The roof was black and empty, a tarred plateau surrounded by the electric riot of the city. A hot wind blew, carrying the smell of garbage so far gone it was turning sweet. “Better than nothing,” Jonathan said. “At least the air’s moving.”
There was a dreamlike feel, standing all but naked in the middle of everything like that. There was excitement and a tingling, pleasant fear.
“It’s nice up here,” I said. “It’s sort of beautiful.”
“Sort of,” he said. He took his towel off, and spread it on the tar paper. His skin was ice-gray in the dark.
“People can see you,” I said. Two blocks away, a high-rise blazed like a city in itself.
“Not if we lie down,” he said. “It’s pretty dark up here. And, besides, who cares if they do see us?”
He lay on his towel as if he was at the beach. I took mine off and spread it near his. Moving air from Third Street, full of car horns and Spanish music, touched my exposed parts.

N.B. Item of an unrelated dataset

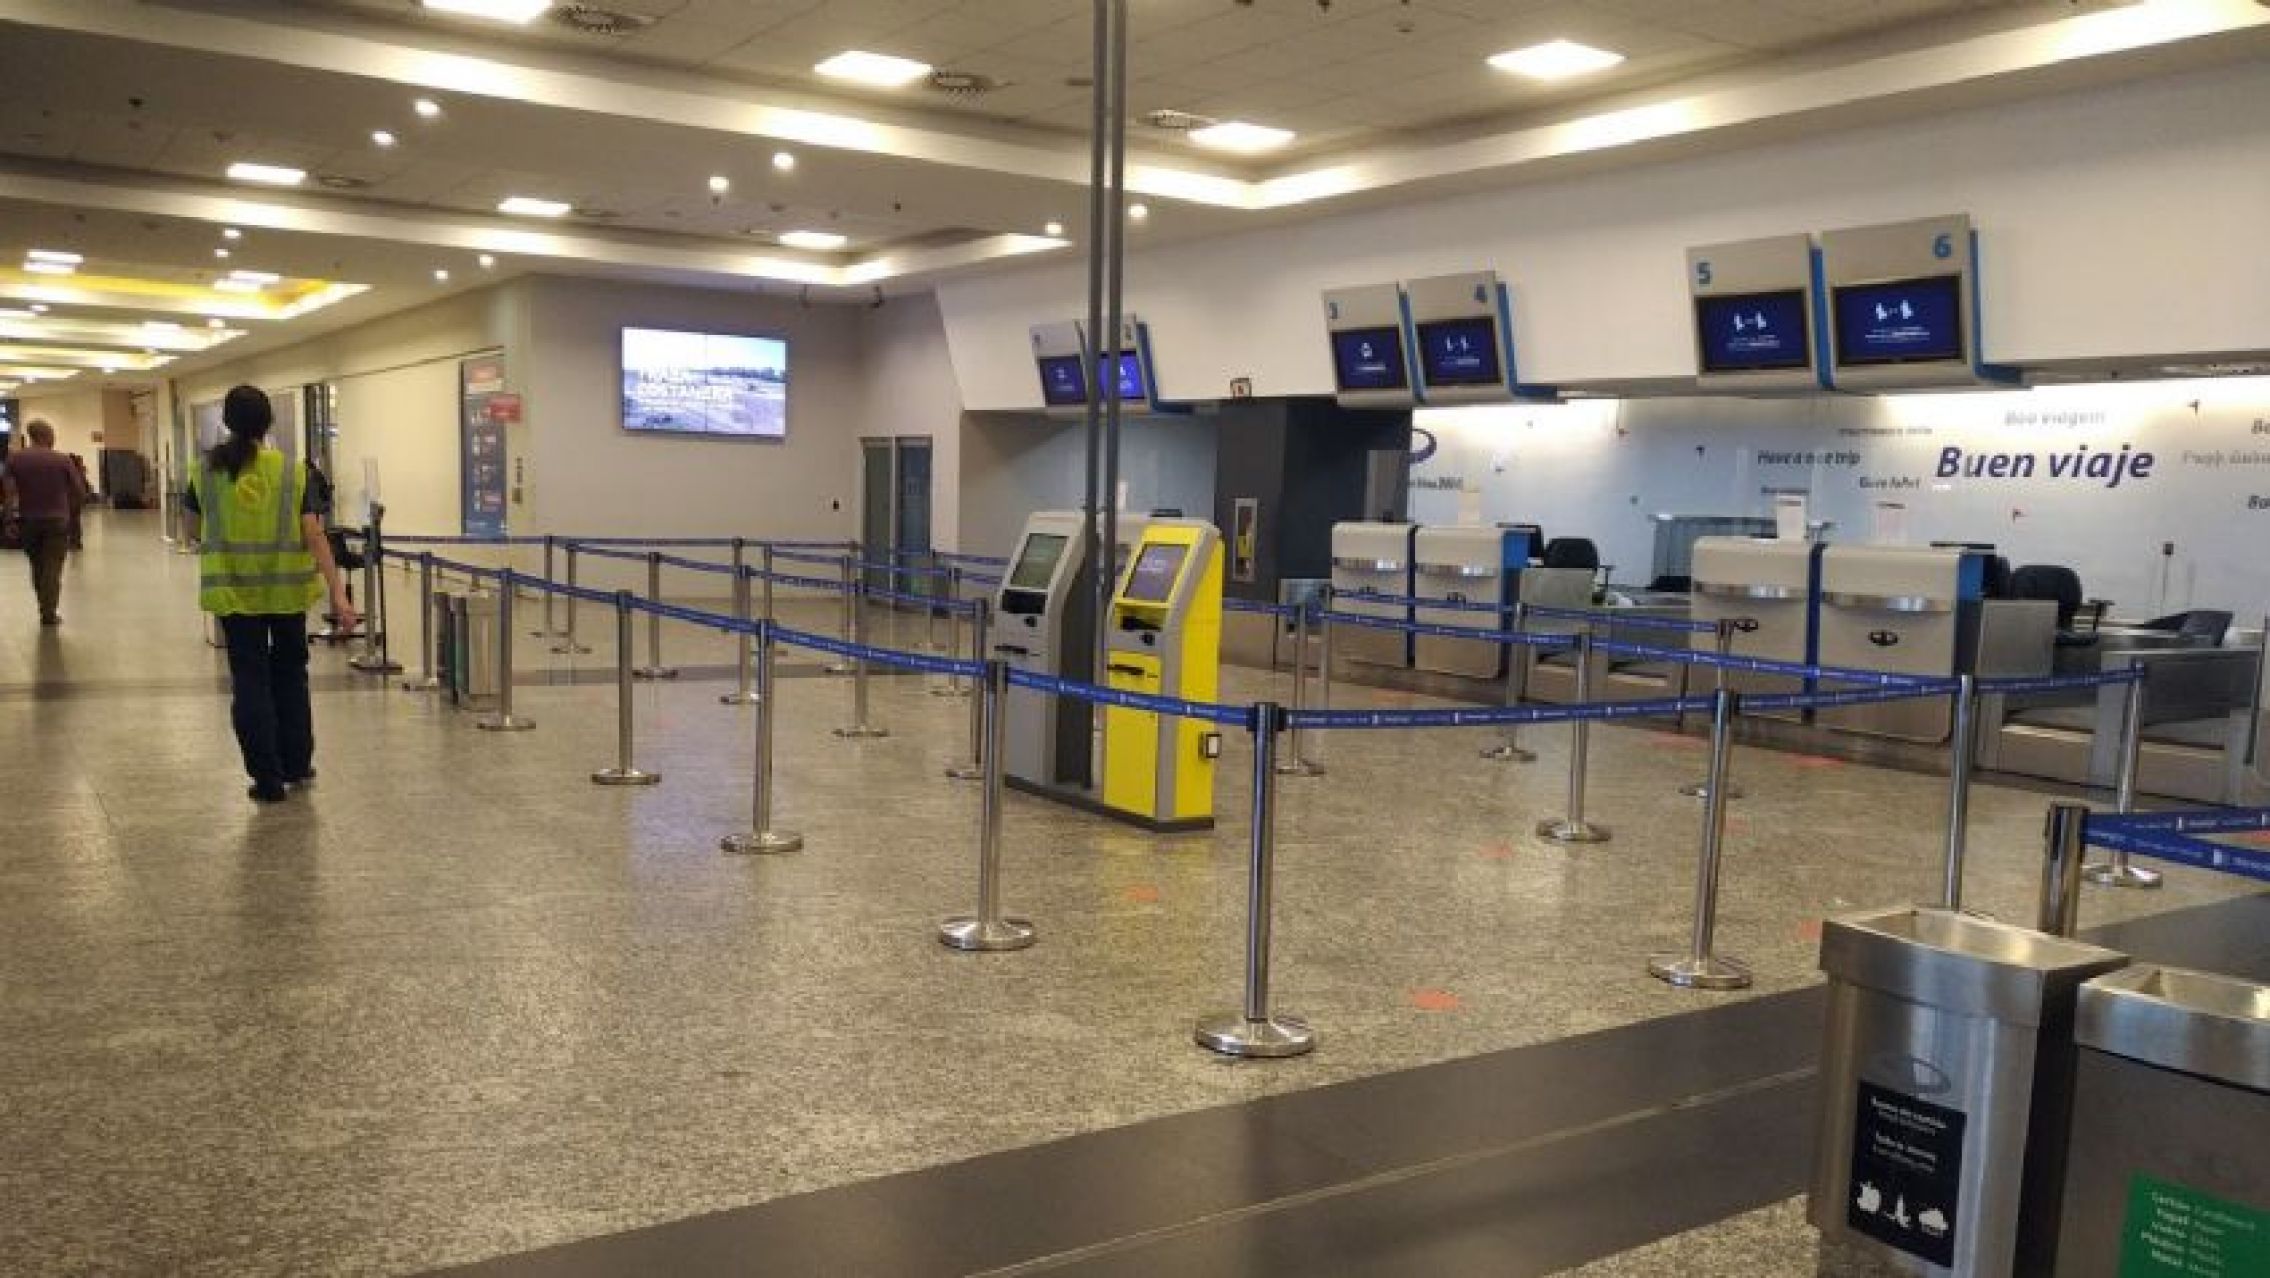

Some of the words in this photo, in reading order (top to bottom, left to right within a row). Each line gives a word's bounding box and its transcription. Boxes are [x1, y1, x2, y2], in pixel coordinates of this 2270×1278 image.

“Here.” He cracked the plastic tray. He handed me an ice cube, and kept one for himself. “Just rub yourself with it,” he said. “It isn’t much, but it’s all we’ve got.”
We lay side by side on our towels, running the ice over our sweating skins. After a while he reached over and pressed his own ice cube against the mound of my belly. “As long as Mom’s out,” he said, “let old Uncle Jonny take care of you.”
“Okay,” I said, and did the same to him. We didn’t talk any more about what we were doing. We talked instead about work and music and Clare. While we talked we ran ice over one another’s bellies and chests and faces. There was sex between us but we didn’t have sex—we committed no outright acts. It was a sweeter, more brotherly kind of lovemaking. It was devotion to each other’s comfort, and deep familiarity with our own imperfect bodies. As one cube melted we took another from the tray. Jonathan swabbed ice over my back, and then I did it to him. I felt each moment break, a new possibility, as we lay using up the last of the ice and talking about whatever passed through our heads. Above us, a few pale stars had scattered themselves across a broiling, bruise-colored sky.